[Saved data entries]
== Segment start ==

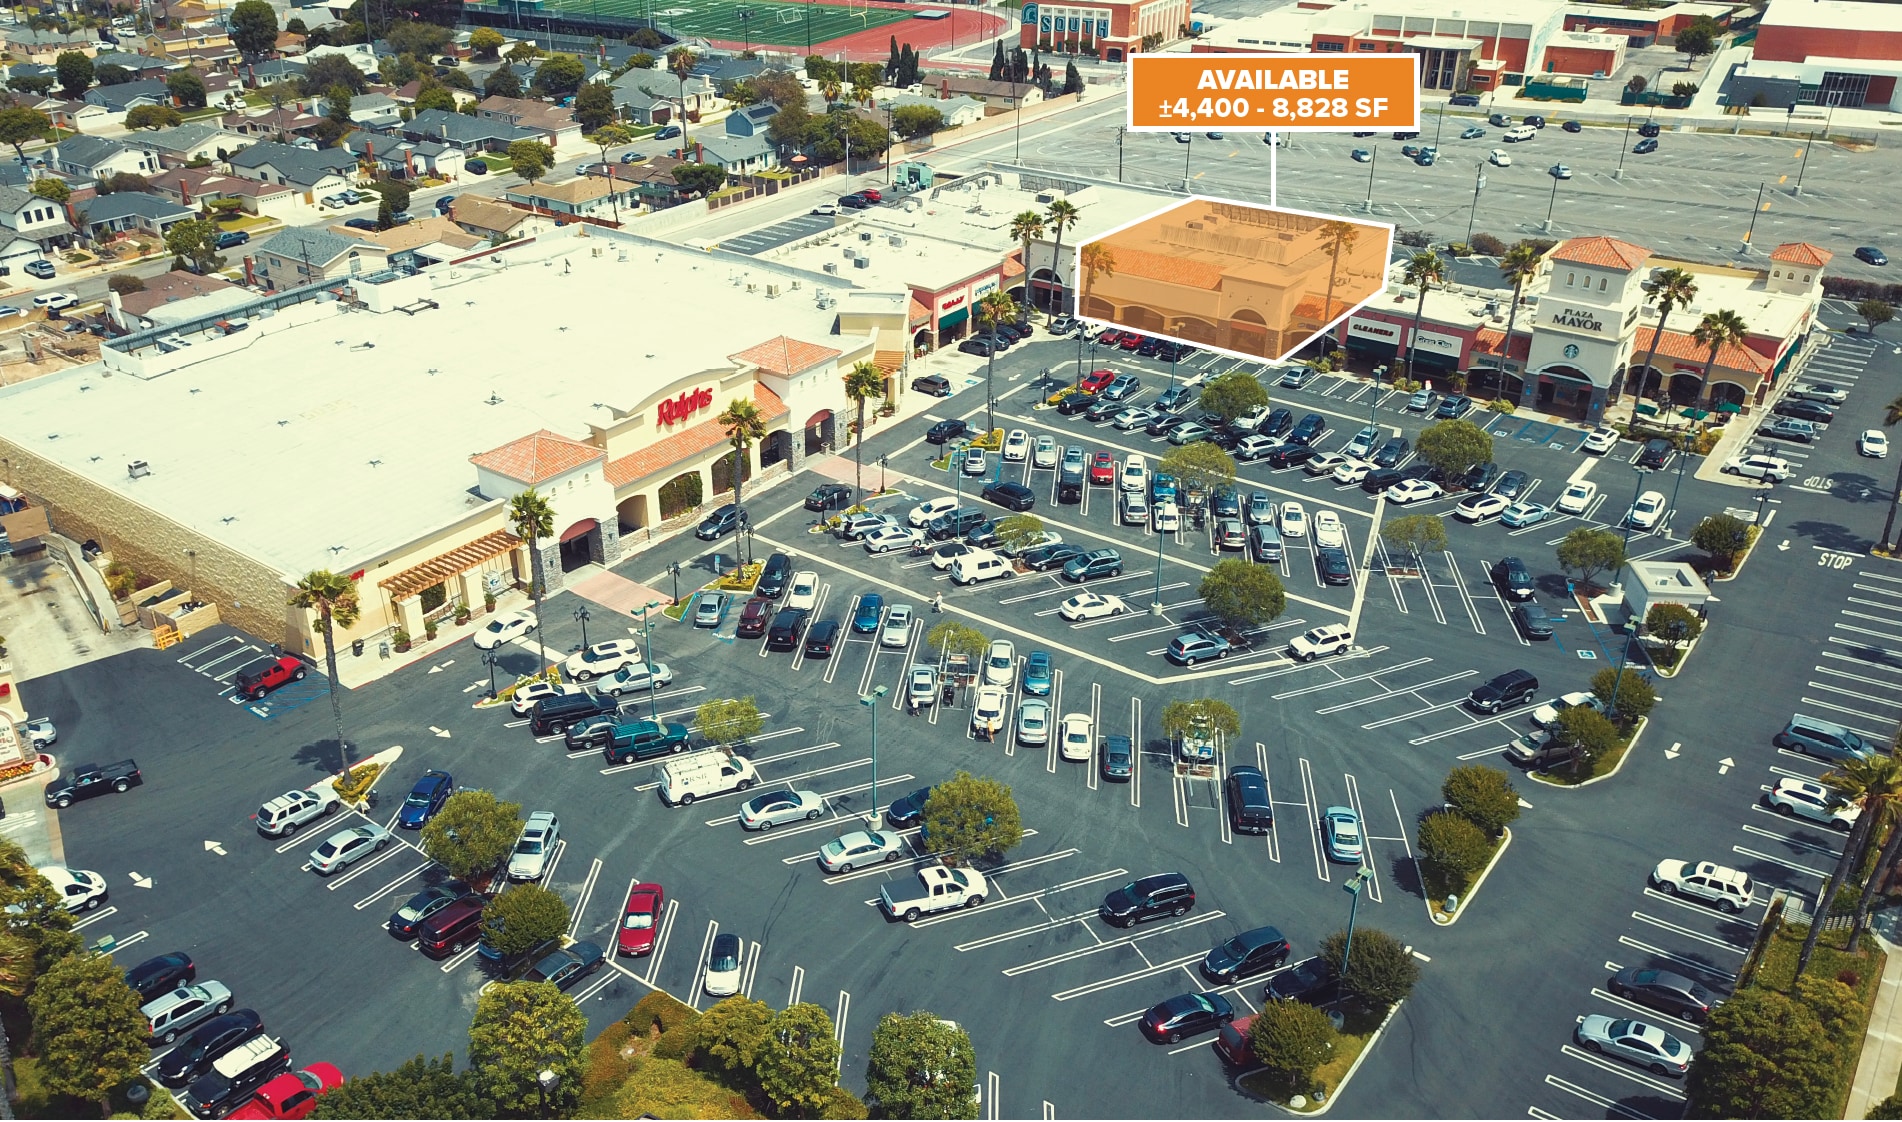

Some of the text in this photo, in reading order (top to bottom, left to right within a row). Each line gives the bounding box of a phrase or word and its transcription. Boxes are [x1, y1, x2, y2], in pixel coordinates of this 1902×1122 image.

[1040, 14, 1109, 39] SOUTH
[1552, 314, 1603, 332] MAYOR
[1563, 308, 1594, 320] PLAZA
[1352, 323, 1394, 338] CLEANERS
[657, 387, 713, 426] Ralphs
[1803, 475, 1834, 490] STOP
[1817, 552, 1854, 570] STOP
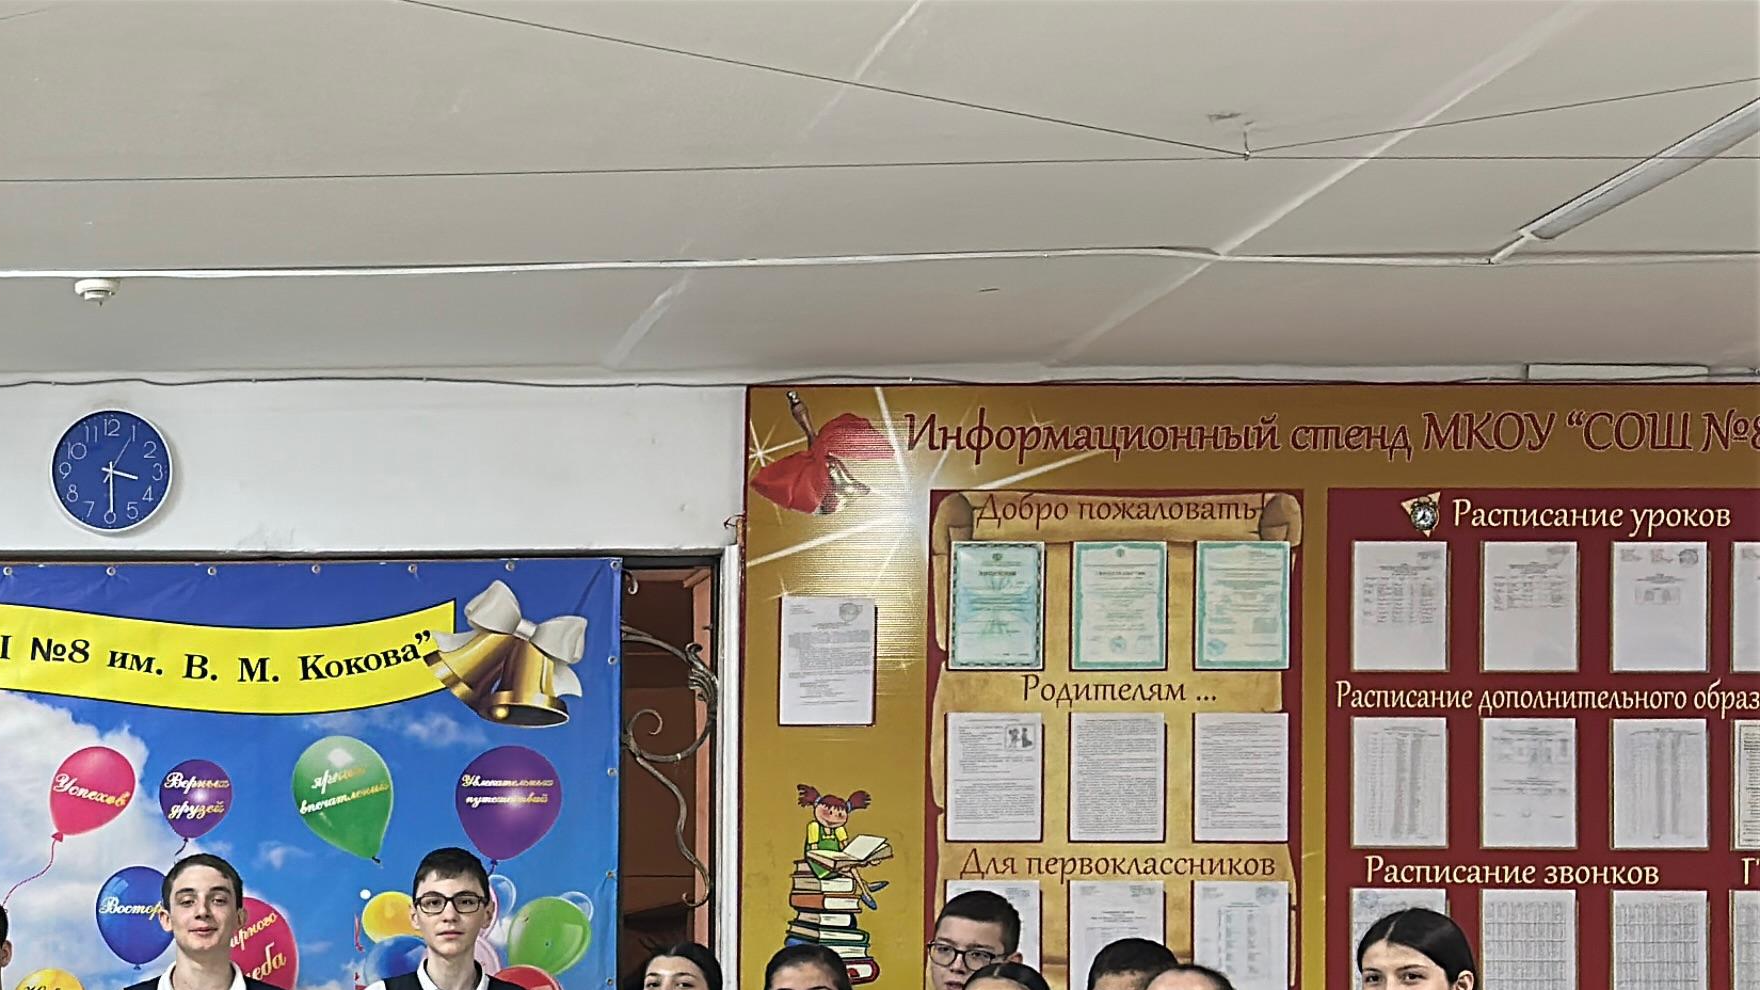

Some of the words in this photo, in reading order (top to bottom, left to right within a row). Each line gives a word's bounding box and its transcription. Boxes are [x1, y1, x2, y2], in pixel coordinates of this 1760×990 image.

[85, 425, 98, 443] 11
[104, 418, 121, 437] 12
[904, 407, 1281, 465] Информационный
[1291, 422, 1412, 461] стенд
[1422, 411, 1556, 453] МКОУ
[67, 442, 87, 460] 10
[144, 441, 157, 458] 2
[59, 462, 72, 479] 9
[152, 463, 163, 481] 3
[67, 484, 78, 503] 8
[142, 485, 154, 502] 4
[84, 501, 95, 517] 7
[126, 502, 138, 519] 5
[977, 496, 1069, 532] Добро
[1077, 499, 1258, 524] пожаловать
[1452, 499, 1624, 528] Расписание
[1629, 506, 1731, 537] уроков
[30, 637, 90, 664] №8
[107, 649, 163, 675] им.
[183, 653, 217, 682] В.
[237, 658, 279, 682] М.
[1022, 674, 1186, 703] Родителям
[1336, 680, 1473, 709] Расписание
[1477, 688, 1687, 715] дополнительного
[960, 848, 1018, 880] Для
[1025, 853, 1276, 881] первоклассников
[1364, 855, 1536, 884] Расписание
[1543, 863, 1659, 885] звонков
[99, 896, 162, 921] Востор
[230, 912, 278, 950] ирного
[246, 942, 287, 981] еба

== Segment end ==

■ **YOUR GOAL**
The images are to be left out while the entries are written out exactly.

■ **ANSWER TO THIS EXERCISE**
Some of the text in this photo, in reading order (top to bottom, left to right within a row). Each line gives the bounding box of a phrase or word and its transcription. Boxes are [x1, y1, x2, y2], in pixel coordinates of this 1902×1122 image.

[1040, 14, 1109, 39] SOUTH
[1552, 314, 1603, 332] MAYOR
[1563, 308, 1594, 320] PLAZA
[1352, 323, 1394, 338] CLEANERS
[657, 387, 713, 426] Ralphs
[1803, 475, 1834, 490] STOP
[1817, 552, 1854, 570] STOP

Some of the words in this photo, in reading order (top to bottom, left to right within a row). Each line gives a word's bounding box and its transcription. Boxes are [x1, y1, x2, y2], in pixel coordinates of this 1760×990 image.

[85, 425, 98, 443] 11
[104, 418, 121, 437] 12
[904, 407, 1281, 465] Информационный
[1291, 422, 1412, 461] стенд
[1422, 411, 1556, 453] МКОУ
[67, 442, 87, 460] 10
[144, 441, 157, 458] 2
[59, 462, 72, 479] 9
[152, 463, 163, 481] 3
[67, 484, 78, 503] 8
[142, 485, 154, 502] 4
[84, 501, 95, 517] 7
[126, 502, 138, 519] 5
[977, 496, 1069, 532] Добро
[1077, 499, 1258, 524] пожаловать
[1452, 499, 1624, 528] Расписание
[1629, 506, 1731, 537] уроков
[30, 637, 90, 664] №8
[107, 649, 163, 675] им.
[183, 653, 217, 682] В.
[237, 658, 279, 682] М.
[1022, 674, 1186, 703] Родителям
[1336, 680, 1473, 709] Расписание
[1477, 688, 1687, 715] дополнительного
[960, 848, 1018, 880] Для
[1025, 853, 1276, 881] первоклассников
[1364, 855, 1536, 884] Расписание
[1543, 863, 1659, 885] звонков
[99, 896, 162, 921] Востор
[230, 912, 278, 950] ирного
[246, 942, 287, 981] еба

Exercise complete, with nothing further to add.